EDIT: Including data samples.

From sl_obj, a single segment:

print(sl_obj)

Slot "ID":
[1] "4763655"

[[151]]
An object of class "Lines"
Slot "Lines":
[[1]]
An object of class "Line"
Slot "coords":
           lon      lat
1955 -74.05228 40.60397
1956 -74.05021 40.60465
1957 -74.04182 40.60737
1958 -74.03997 40.60795
1959 -74.03919 40.60821

And the corresponding record from speed_obj:

row.names speed
...     ...
4763657 44.74
4763655 34.8 # this one matches the ID above
4616250 57.79
...     ...

Upvotes: 3

Views: 6171

Answers (3)

Edzer Pebesma
Edzer Pebesma

Reputation: 4121

To get rid of this error message, either make the row.names of data and Lines IDs match by preparing sl_object and/or speed_object, or, in case you are certain that they should be matched in the order they appear, use

splndf <- SpatialLinesDataFrame(sl = sl_object, data = speed_object, match.ID = FALSE)

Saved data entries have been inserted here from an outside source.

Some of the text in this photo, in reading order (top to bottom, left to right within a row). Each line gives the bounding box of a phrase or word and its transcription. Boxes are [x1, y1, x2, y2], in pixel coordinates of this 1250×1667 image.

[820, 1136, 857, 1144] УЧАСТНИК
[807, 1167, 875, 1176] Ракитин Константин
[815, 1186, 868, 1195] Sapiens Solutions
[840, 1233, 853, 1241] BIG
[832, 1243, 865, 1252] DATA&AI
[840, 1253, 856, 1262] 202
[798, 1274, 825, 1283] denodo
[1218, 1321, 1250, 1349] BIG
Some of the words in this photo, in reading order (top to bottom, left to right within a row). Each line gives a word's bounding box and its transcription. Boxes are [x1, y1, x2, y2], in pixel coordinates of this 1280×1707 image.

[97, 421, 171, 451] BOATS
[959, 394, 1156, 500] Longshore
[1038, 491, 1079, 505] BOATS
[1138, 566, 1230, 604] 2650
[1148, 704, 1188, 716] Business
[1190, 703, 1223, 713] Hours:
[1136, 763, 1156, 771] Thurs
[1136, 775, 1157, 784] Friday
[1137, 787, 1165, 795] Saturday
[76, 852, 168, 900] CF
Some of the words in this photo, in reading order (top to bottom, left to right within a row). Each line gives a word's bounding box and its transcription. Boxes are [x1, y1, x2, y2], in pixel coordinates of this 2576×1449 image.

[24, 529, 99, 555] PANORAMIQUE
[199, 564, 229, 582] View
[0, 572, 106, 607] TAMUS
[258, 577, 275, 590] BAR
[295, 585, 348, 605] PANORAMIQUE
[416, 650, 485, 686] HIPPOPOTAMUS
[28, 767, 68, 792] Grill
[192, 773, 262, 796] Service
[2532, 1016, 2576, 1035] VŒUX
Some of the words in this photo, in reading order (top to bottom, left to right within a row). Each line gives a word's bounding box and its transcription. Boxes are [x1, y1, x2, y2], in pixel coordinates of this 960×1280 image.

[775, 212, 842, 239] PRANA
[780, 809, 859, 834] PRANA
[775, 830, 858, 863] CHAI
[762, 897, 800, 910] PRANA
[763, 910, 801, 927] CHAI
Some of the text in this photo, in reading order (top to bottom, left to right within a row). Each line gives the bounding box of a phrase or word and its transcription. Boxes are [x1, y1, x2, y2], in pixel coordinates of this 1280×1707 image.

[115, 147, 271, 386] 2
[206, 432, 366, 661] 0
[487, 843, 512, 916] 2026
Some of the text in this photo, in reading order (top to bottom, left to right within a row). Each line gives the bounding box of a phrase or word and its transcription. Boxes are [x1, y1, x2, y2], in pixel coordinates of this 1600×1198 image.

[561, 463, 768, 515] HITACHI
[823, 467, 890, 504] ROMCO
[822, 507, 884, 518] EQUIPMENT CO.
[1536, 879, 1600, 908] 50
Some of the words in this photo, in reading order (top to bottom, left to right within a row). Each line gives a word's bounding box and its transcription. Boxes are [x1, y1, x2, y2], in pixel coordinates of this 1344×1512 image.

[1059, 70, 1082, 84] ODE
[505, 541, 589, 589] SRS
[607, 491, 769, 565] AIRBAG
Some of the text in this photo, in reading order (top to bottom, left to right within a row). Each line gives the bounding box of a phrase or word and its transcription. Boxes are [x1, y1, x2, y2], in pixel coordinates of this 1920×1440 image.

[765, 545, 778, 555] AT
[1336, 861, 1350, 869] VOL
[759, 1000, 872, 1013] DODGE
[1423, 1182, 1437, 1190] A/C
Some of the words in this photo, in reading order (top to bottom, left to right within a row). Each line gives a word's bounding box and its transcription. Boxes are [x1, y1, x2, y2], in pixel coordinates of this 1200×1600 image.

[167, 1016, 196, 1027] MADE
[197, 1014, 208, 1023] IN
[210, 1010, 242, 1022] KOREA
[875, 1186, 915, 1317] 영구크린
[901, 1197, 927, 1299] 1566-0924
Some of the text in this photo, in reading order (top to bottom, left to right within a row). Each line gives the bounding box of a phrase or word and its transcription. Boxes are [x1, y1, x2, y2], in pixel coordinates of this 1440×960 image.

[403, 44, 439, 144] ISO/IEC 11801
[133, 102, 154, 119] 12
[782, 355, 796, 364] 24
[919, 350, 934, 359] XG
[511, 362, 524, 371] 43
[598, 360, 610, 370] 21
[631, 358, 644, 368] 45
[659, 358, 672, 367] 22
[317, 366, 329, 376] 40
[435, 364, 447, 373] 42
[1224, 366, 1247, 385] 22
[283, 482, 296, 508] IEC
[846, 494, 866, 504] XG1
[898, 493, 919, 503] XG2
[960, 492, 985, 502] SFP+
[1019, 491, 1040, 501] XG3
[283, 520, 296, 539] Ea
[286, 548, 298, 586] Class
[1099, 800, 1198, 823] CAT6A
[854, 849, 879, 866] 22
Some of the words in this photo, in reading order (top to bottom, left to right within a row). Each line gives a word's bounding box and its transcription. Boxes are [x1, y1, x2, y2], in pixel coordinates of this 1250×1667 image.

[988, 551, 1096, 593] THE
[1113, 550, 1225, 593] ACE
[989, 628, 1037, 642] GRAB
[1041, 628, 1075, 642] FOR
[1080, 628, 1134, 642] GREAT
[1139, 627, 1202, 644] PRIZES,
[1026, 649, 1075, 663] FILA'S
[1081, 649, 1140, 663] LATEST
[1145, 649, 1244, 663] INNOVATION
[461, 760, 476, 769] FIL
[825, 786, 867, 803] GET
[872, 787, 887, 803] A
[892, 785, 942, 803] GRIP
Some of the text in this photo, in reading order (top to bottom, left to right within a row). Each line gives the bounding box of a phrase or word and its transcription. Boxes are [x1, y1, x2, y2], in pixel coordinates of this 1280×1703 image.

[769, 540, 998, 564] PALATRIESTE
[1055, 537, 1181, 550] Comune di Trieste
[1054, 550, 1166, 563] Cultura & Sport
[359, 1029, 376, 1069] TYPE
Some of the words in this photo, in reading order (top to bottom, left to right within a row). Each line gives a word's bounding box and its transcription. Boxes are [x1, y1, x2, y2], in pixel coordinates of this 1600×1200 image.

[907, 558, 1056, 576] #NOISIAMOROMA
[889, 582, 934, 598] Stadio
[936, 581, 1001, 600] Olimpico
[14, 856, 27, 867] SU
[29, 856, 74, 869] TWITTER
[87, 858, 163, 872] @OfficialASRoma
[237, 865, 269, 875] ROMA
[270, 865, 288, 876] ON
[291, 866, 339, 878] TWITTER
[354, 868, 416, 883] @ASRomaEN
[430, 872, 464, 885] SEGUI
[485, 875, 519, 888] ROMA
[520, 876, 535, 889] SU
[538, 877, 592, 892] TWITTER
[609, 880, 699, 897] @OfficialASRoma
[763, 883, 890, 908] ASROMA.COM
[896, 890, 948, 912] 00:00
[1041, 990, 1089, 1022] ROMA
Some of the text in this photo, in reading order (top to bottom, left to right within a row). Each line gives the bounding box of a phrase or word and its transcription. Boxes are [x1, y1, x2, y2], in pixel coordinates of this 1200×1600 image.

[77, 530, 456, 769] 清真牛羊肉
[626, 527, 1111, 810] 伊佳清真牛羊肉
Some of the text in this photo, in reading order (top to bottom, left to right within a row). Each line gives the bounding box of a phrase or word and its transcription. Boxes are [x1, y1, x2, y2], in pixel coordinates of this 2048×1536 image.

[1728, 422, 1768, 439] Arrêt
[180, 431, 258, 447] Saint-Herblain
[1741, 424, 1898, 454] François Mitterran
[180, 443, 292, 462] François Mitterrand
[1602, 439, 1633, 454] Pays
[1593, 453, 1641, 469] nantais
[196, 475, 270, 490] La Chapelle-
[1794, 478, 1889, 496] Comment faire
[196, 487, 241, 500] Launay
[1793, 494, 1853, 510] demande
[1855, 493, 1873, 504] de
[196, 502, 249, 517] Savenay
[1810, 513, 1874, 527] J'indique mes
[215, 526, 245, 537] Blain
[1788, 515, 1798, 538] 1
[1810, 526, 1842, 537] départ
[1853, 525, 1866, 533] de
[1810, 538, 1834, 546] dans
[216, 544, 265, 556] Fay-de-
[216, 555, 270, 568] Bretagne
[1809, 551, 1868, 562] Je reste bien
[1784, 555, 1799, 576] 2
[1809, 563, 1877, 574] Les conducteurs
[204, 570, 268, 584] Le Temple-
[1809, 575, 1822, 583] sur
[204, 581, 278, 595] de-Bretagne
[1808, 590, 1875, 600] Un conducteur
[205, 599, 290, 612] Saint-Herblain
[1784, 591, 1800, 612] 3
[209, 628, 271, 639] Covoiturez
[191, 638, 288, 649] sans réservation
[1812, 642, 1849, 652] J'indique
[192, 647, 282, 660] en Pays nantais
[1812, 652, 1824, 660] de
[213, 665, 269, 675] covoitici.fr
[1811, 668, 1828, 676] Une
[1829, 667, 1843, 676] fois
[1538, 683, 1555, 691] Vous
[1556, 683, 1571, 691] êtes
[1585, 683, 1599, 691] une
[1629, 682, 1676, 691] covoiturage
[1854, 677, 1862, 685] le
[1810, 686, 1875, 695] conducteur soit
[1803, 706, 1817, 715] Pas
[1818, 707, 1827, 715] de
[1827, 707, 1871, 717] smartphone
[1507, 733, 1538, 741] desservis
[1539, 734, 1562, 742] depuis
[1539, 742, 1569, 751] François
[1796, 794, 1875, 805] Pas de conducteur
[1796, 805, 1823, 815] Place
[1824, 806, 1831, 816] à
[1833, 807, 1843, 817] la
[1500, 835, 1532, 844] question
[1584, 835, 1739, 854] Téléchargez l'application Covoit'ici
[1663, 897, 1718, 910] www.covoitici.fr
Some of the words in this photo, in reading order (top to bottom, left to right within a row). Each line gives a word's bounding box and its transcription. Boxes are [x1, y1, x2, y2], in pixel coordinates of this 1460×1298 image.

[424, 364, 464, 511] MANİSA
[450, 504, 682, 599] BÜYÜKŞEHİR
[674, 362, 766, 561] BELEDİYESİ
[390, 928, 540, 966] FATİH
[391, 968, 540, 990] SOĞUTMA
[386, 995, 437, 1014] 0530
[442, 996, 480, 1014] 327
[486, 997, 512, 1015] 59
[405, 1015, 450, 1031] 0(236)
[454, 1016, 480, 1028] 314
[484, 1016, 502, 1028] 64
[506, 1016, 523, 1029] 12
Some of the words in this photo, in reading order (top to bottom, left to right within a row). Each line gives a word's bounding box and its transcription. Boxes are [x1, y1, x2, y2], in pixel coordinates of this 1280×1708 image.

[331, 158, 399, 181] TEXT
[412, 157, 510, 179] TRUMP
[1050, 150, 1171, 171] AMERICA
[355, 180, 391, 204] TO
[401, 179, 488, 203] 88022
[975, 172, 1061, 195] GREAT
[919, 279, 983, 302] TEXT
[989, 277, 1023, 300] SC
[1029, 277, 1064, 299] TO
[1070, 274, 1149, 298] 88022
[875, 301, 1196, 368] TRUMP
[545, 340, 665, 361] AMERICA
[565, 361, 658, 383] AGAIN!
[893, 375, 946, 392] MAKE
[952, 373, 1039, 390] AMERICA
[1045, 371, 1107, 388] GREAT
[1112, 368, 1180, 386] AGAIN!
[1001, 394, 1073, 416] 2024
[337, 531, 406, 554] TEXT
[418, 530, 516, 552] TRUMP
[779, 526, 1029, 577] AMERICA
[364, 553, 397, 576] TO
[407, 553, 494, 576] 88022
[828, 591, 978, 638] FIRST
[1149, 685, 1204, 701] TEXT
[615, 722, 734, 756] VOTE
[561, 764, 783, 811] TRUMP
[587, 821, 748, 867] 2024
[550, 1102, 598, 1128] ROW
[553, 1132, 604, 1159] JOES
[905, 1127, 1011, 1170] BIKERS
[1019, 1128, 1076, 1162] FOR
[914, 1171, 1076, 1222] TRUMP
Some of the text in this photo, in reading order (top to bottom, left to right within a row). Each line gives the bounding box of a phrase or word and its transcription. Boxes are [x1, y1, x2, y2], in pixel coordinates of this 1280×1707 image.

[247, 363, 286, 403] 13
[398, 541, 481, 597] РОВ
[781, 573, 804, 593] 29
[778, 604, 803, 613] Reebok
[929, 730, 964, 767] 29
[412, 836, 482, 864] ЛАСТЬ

This is documented in ?SpatialLinesDataFrame.

Upvotes: 5

Andrew Cheesman
Andrew Cheesman

Reputation: 150

All right, I figured it out. The error wasn't liking the fact that my speed_obj wasn't the same length as my sl_obj, as mentioned here. ("data = object of class data.frame; the number of rows in data should equal the number of Lines elements in sl)

Resolution: used a quick loop to pull out all of the unique lines IDs, then performed a left join against that list of uniques to create an exhaustive speed_obj (with NAs, which seem to be OK).

ids <- data.frame()
for (i in (1:length(sl_obj))) {
id <- data.frame(sl_obj@lines[[i]]@ID)
ids <- rbind(ids, id)
}

colnames(ids)[1] <- "linkId"
speed_full <- join(ids, speed_obj)
speed_full_short <- data.frame(speed_obj[,c(-1)])
row.names(speed_full_short) <- speed_full$linkId

splndf <- SpatialLinesDataFrame(sl_obj, data = speed_full_short, match.ID = T)

Works fine now!

Upvotes: 3

Badger
Badger

Reputation: 1053

I may have deciphered the issue.

When I am pulling in my spatial lines data and I check the class it reads as "Spatial Lines Data Frame" even though I know it's a simple linear shapefile, I'm using readOGR to bring the data in and I believe this is where the conversion is occurring. With that in mind the speed assignment is relatively easy.

sl_object$speed <-  speed_object[ match( sl_object$ID , row.names( speed_object ) ) , "speed" ]

This should do the trick, as I'm willing to bet your class(sl_object) is "Spatial Lines Data Frame".

EDIT: I had received the same error as OP, driving me to check class()

I am under the impression that the error that was populated for you is because you were trying to coerce a data frame into a data frame and R wasn't a fan of that.